How quickly and honestly the candidate responds to charges of a scandal -- sexual or otherwise -- is key to keeping him viable, political strategists told ABCNEWS.com.
It remains to be seen whether this will pan out into a full-fledged sex scandal, but the allegations of favoritism alone require McCain to respond, said Matthew Dowd, an ABC News consultant and a strategist for President Bush's 2004 campaign.
"The facts will determine whether this is a sex scandal. But questions are going to remain about this relationship and whether it influenced McCain to act unethically in his political -- if not personal -- life," Dowd said.
McCain's camp needs to get ahead of the story, gather the facts and get them out to the public before the media can, Dowd said.
"The best thing they can do is determine all the facts, get everything out there and make this into a one- or two-day story.

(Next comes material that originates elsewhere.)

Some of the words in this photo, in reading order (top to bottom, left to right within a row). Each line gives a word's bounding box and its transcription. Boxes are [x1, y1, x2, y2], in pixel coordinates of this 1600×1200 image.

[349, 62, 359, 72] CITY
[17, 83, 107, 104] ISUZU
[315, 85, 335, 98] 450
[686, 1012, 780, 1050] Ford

If they have the facts, they can say, 'The paper's reporting was wrong, but here is the real truth.' They need to do it as quickly as possible. They can't wait a week or hide the candidate," he said.
That's just what McCain did Thursday. On the trail in Toledo, Ohio, McCain, with wife Cindy by his side, vehemently denied the allegations levied by the Times.

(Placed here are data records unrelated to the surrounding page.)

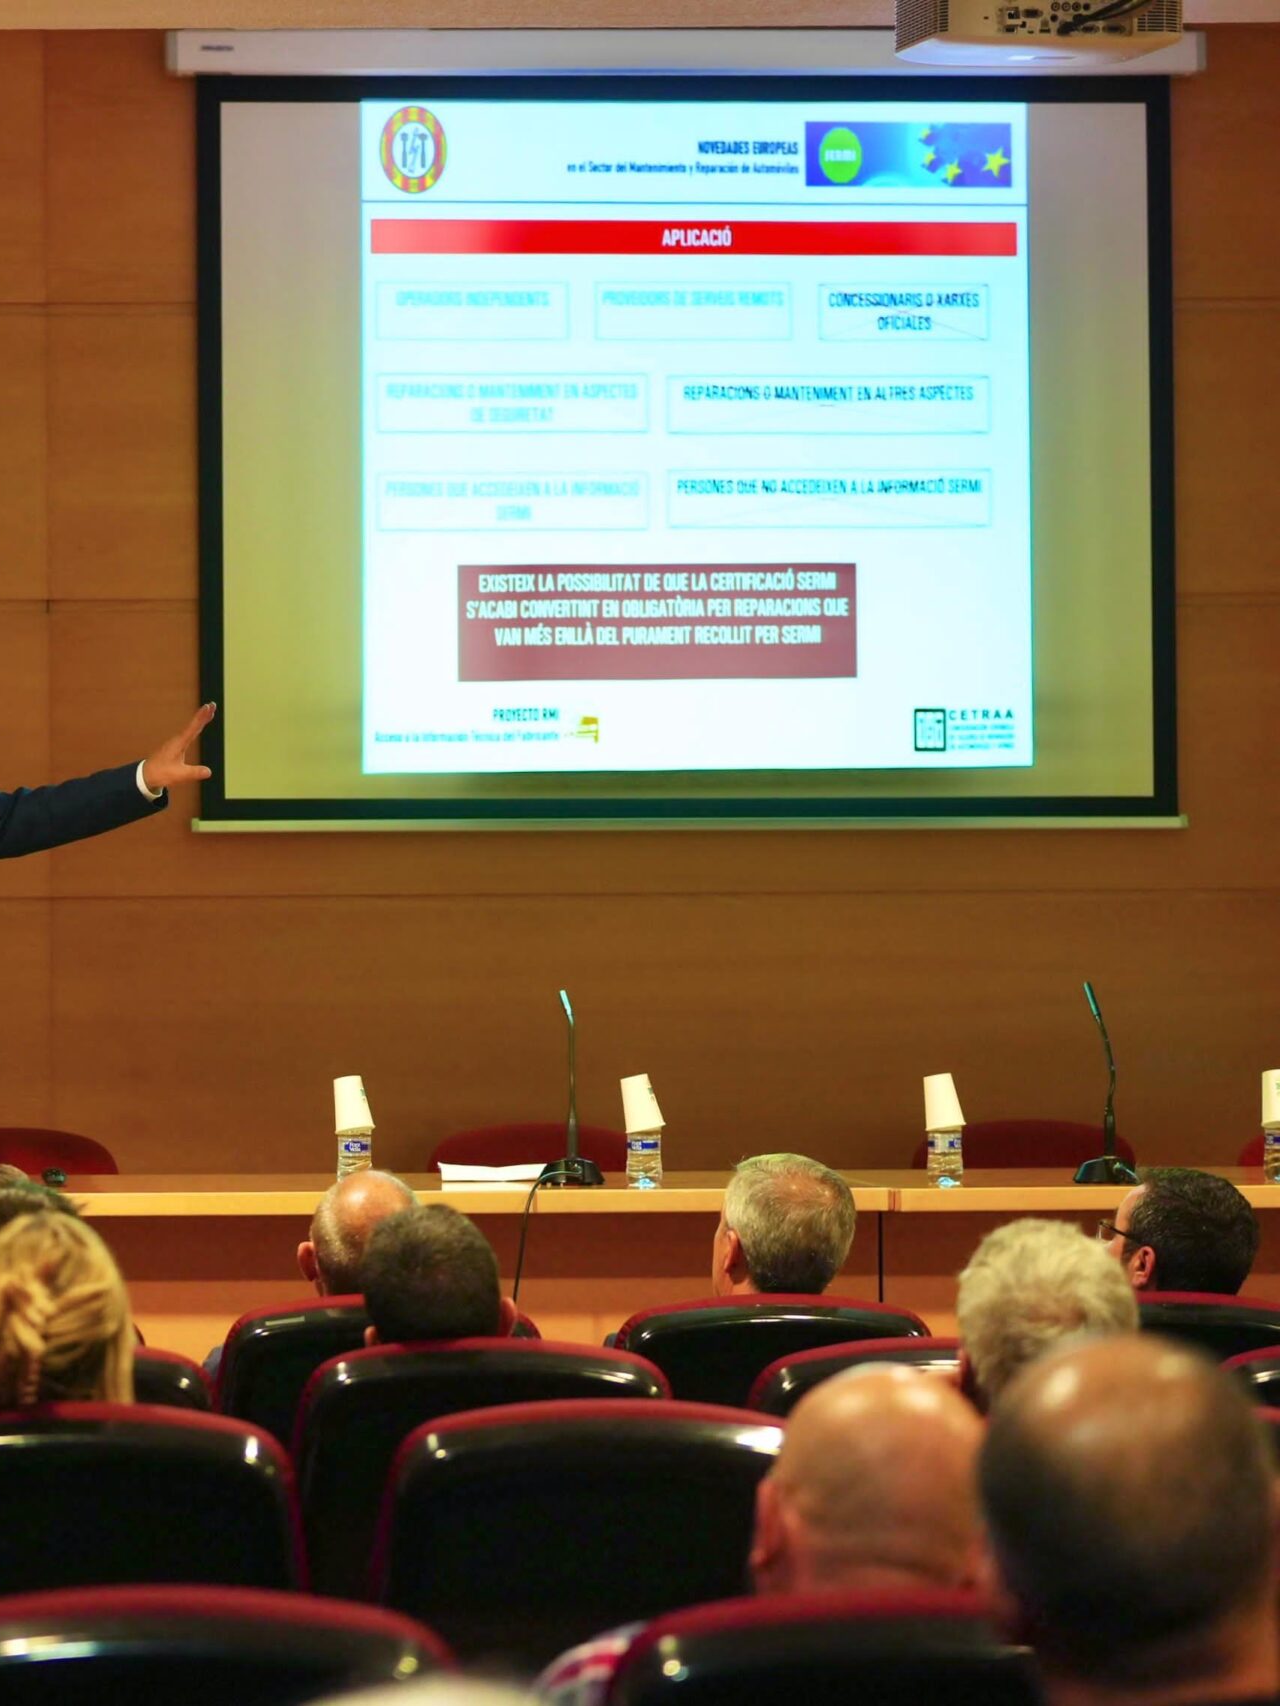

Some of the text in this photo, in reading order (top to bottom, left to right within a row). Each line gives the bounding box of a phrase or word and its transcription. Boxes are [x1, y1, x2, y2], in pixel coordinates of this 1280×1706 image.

[697, 141, 799, 155] NOVEDADES EUROPEAS
[589, 161, 613, 173] Sector
[616, 161, 627, 173] del
[629, 161, 686, 173] Mantenimiento
[741, 162, 750, 173] de
[661, 226, 732, 248] APLICACIÓ
[828, 292, 980, 308] CONCESSIONARIS O XARXES
[877, 315, 932, 331] OFICIALES
[563, 383, 579, 400] EN
[683, 385, 974, 401] REPARACIONS O MANTENIMENT EN ALTRES ASPECTES
[553, 480, 568, 497] LA
[677, 478, 982, 495] PERSONES QUE NO ACCEDEIXEN A LA INFORMACIÓ SERMI
[478, 568, 837, 593] EXISTEIX LA POSSIBILITAT DE QUE LA CERTIFICACIÓ SERMI
[466, 595, 849, 619] S'ACABI CONVERTINT EN OBLIGATÒRIA PER REPARACIONS QUE
[494, 621, 822, 646] VAN MÉS ENLLÀ DEL PURAMENT RECOLLIT PER SERMI
[492, 708, 560, 722] PROYECTO RMI
[949, 709, 1013, 721] CETRAA

"I'm very disappointed in the article. It's not true," McCain said during a press conference.
He called Iseman a "friend" and described traveling in her client's corporate jet as an "accepted practice."
''I will focus my attention in this campaign on the big issues and on the challenges that face this country,'' he said.
Lanny Davis, who served as an advisor in the Clinton White House when the Monica Lewinsky scandal broke, praised McCain's response.
"My advice to Clinton once the story had come out was to get the whole truth out as quickly as possible. Only he knew when that best time would be. People were willing to forgive Clinton for what he did in his personal life because they understood that he performed well in his public and political life," said Davis, a lawyer and author of "Truth To Tell: Tell It Early, Tell It All, Tell It Yourself: Notes from My White House Education."
Davis believes there is little to support the Times' insinuation that McCain and Iseman had a romantic relationship and said he has firsthand knowledge -- as a lobbyist, who together with Iseman, asked McCain to write a letter to the FCC about selling a public television station -- that no political favors were done by the senator.
"Beyond the insinuations of a personal relationship the real elephant in the room is whether there was a quid pro quo<\i>. In his speech McCain quickly made the distinction between a friendship he had with Iseman and his professional relationship. He was quick to say, 'It doesn't matter if I'm friends with someone because I am always able to make up my own mind.'"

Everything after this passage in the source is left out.